9. The intelligent chip of the optical artificial neural network according to claim 7, wherein the micro-nano units comprise a plurality of groups of micro-nano structure arrays, and the structures of the micro-nano structure arrays in each group are the same or different.

10. The intelligent chip of optical artificial neural network according to claim 9, wherein each group of micro-nano structure array has the function of broadband filtering or narrowband filtering.

11. The intelligent chip of optical artificial neural network according to claim 9, wherein each micro-nano structure array is a periodic structure array or a non-periodic structure array.

12. The intelligent chip of an optical artificial neural network according to claim 9, wherein the micro-nano units comprise one or more groups of micro-nano structure arrays with one or more groups of hollow structures.

13. The intelligent chip of the optical artificial neural network according to claim 9, wherein the micro-nano units have polarization-independent characteristics.

14. The intelligent chip of an optical artificial neural network according to claim 13, wherein the micro-nano units have four-fold rotational symmetry.

15. The optical artificial neural network intelligence chip of claim 1, wherein the optical filter layer is composed of one or more layers;

16. The optical artificial neural network smart chip of claim 15, wherein the semiconductor material comprises one or more of silicon, silicon oxide, silicon nitride, titanium oxide, a composite material mixed according to a preset ratio, and a direct bandgap compound semiconductor material; and/or the nanostructure comprises one or more of a nanodot two-dimensional material, a nanorod two-dimensional material, and a nanowire two-dimensional material.

17. The optical artificial neural network smart chip of claim 1, wherein the thickness of the optical filter layer is 0.1 λ -10 λ, where λ represents a center wavelength of the incident light.

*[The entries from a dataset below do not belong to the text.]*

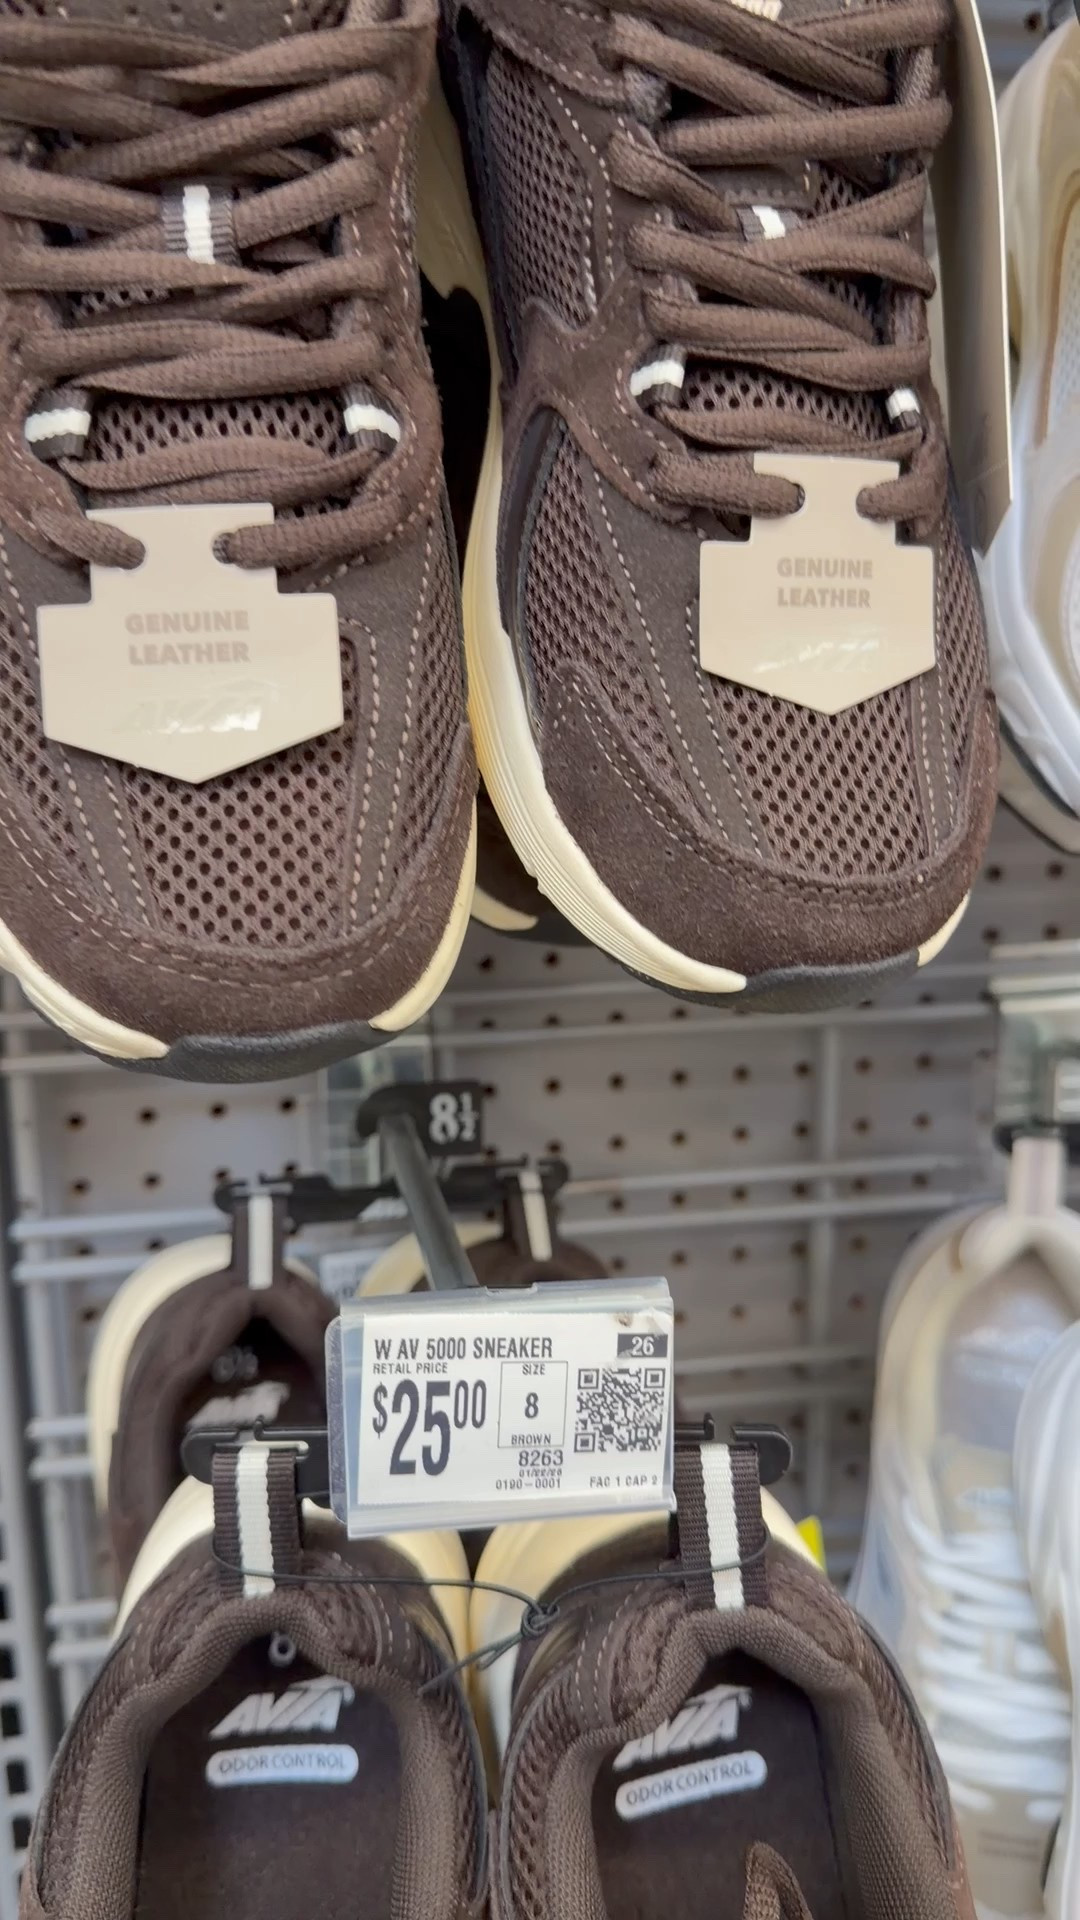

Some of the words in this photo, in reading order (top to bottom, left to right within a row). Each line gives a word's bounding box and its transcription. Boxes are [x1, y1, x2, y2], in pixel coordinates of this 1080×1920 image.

[777, 557, 873, 579] GENUINE
[777, 586, 872, 608] LEATHER
[124, 610, 249, 635] GENUINE
[128, 641, 251, 666] LEATHER
[374, 1339, 392, 1360] W
[397, 1339, 420, 1360] AV
[426, 1337, 466, 1360] 5000
[473, 1336, 553, 1359] SNEAKER
[631, 1336, 655, 1356] 26
[372, 1362, 412, 1375] RETAIL
[416, 1362, 448, 1375] PRICE
[522, 1363, 546, 1375] SIZE
[524, 1392, 539, 1419] 8
[511, 1434, 551, 1445] BROWN
[518, 1449, 564, 1467] 8263
[625, 1474, 648, 1487] CAP
[209, 1674, 356, 1740] AVIA
[219, 1754, 269, 1773] ODOR
[271, 1752, 347, 1769] CONTROL
[625, 1782, 675, 1806] ODOR
[675, 1759, 754, 1791] CONTROL

18. The optical artificial neural network intelligent chip of claim 1, wherein the image sensor is any one or more of the following:

the CMOS image sensor comprises a CMOS image sensor CIS, a charge coupled device CCD, a single photon avalanche diode SPAD array and a focal plane photoelectric detector array.

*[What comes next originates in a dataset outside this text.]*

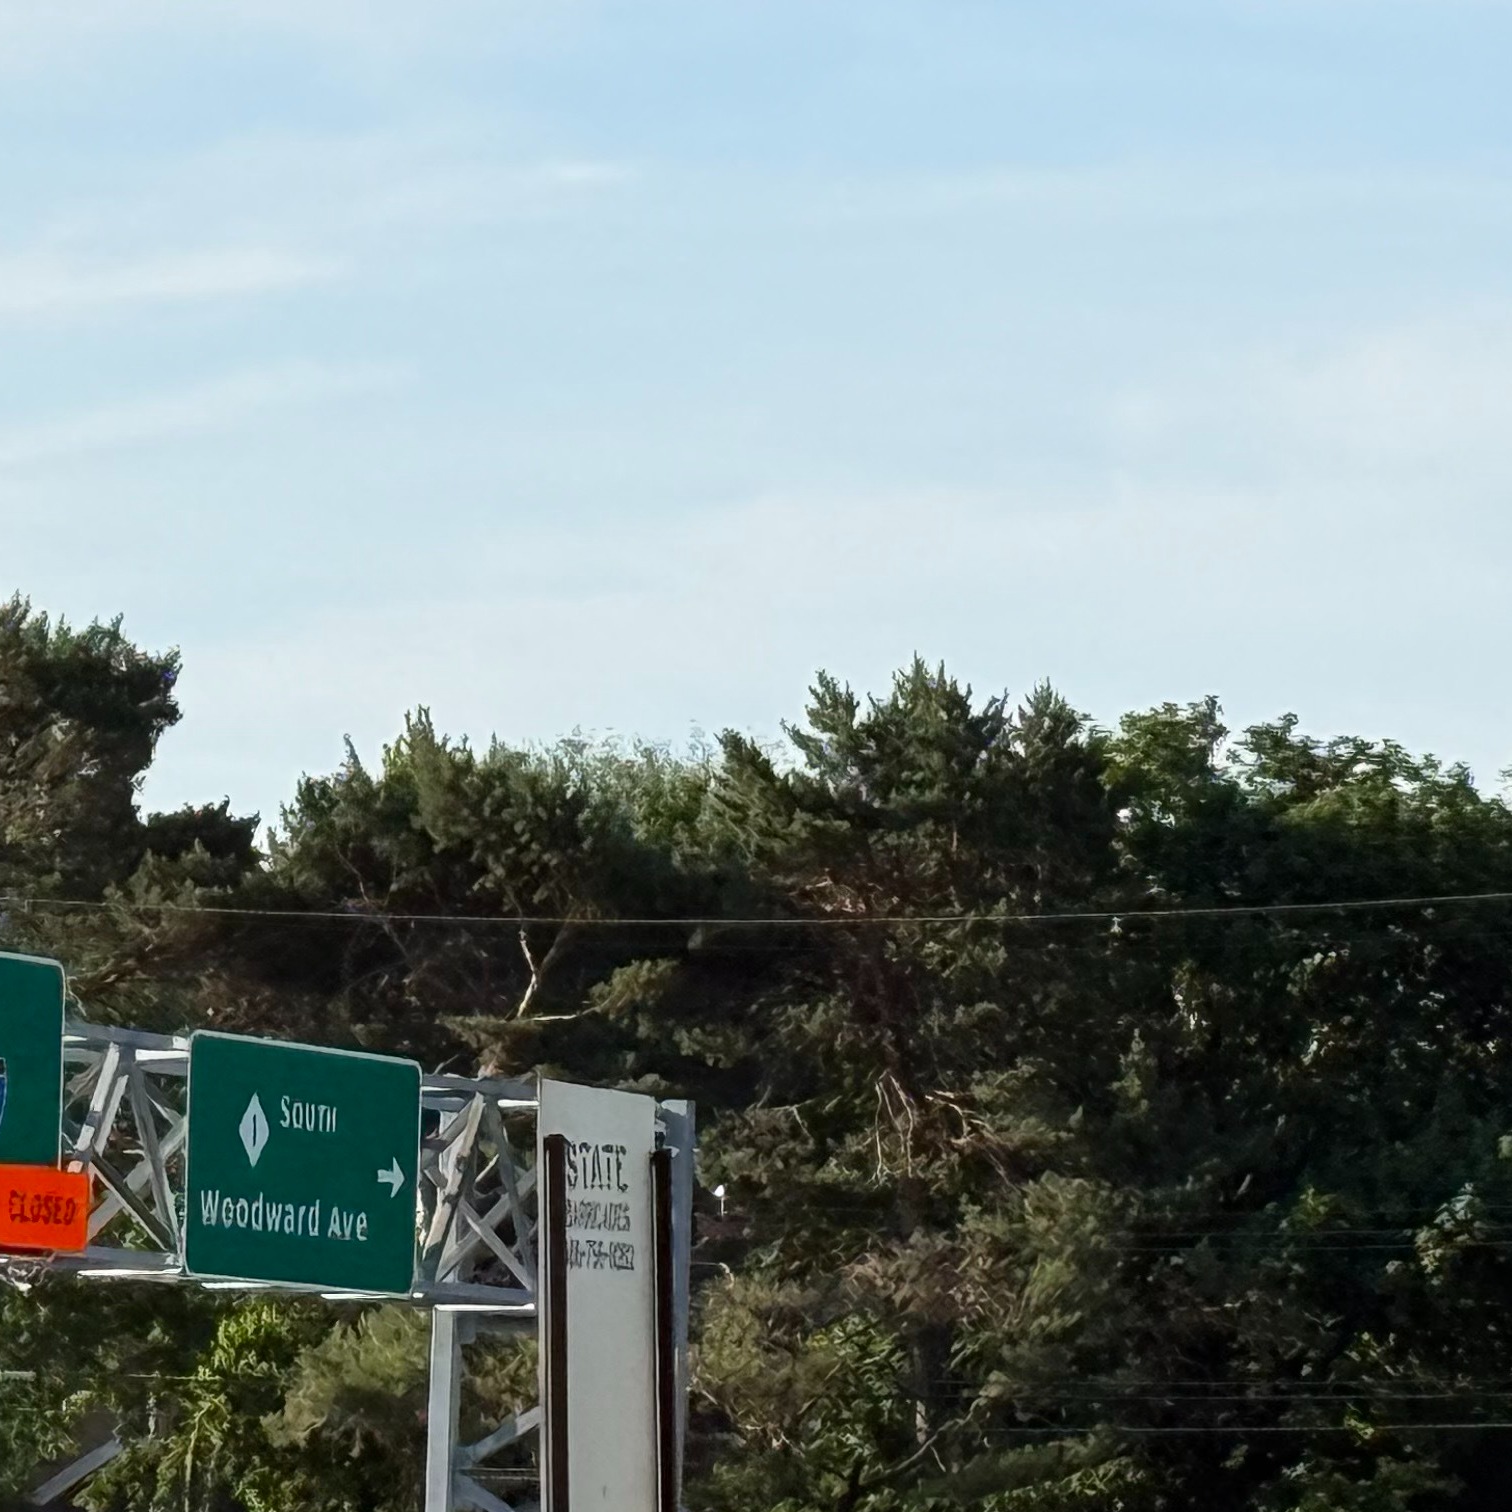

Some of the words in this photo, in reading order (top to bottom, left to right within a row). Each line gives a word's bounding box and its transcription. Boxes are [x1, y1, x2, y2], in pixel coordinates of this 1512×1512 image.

[567, 1141, 629, 1192] STATE
[8, 1189, 77, 1226] CLOSED
[200, 1189, 320, 1237] Woodward
[328, 1206, 369, 1242] Ave

19. A smart device, comprising: the optical artificial neural network intelligence chip of any one of claims 1-18.

20. The smart device of claim 19, wherein the smart device comprises one or more of a smart phone, a smart computer, a smart identification device, a smart sensing device, and a smart decision device.

21. A method for preparing an optical artificial neural network intelligent chip according to any one of claims 1 to 18, comprising:

connecting the image sensor and the processor;

22. The method for manufacturing an optical artificial neural network intelligent chip according to claim 21, wherein manufacturing an optical filter layer including an optical modulation structure on a surface of the image sensor includes:

23. The method for manufacturing an optical artificial neural network intelligent chip according to claim 21, wherein when the optical artificial neural network intelligent chip is used for an intelligent processing task of a target object, the optical artificial neural network intelligent chip including different optical modulation structures, image sensors and processors having different full connection parameters is trained by using input training samples and output training samples corresponding to the intelligent processing task, so as to obtain the optical modulation structures, the image sensors and the processors satisfying a training convergence condition; or training an optical artificial neural network intelligent chip comprising different optical modulation structures, image sensors and processors with different full-connection parameters and different second nonlinear activation parameters to obtain the optical modulation structures, the image sensors and the processors meeting the training convergence conditions.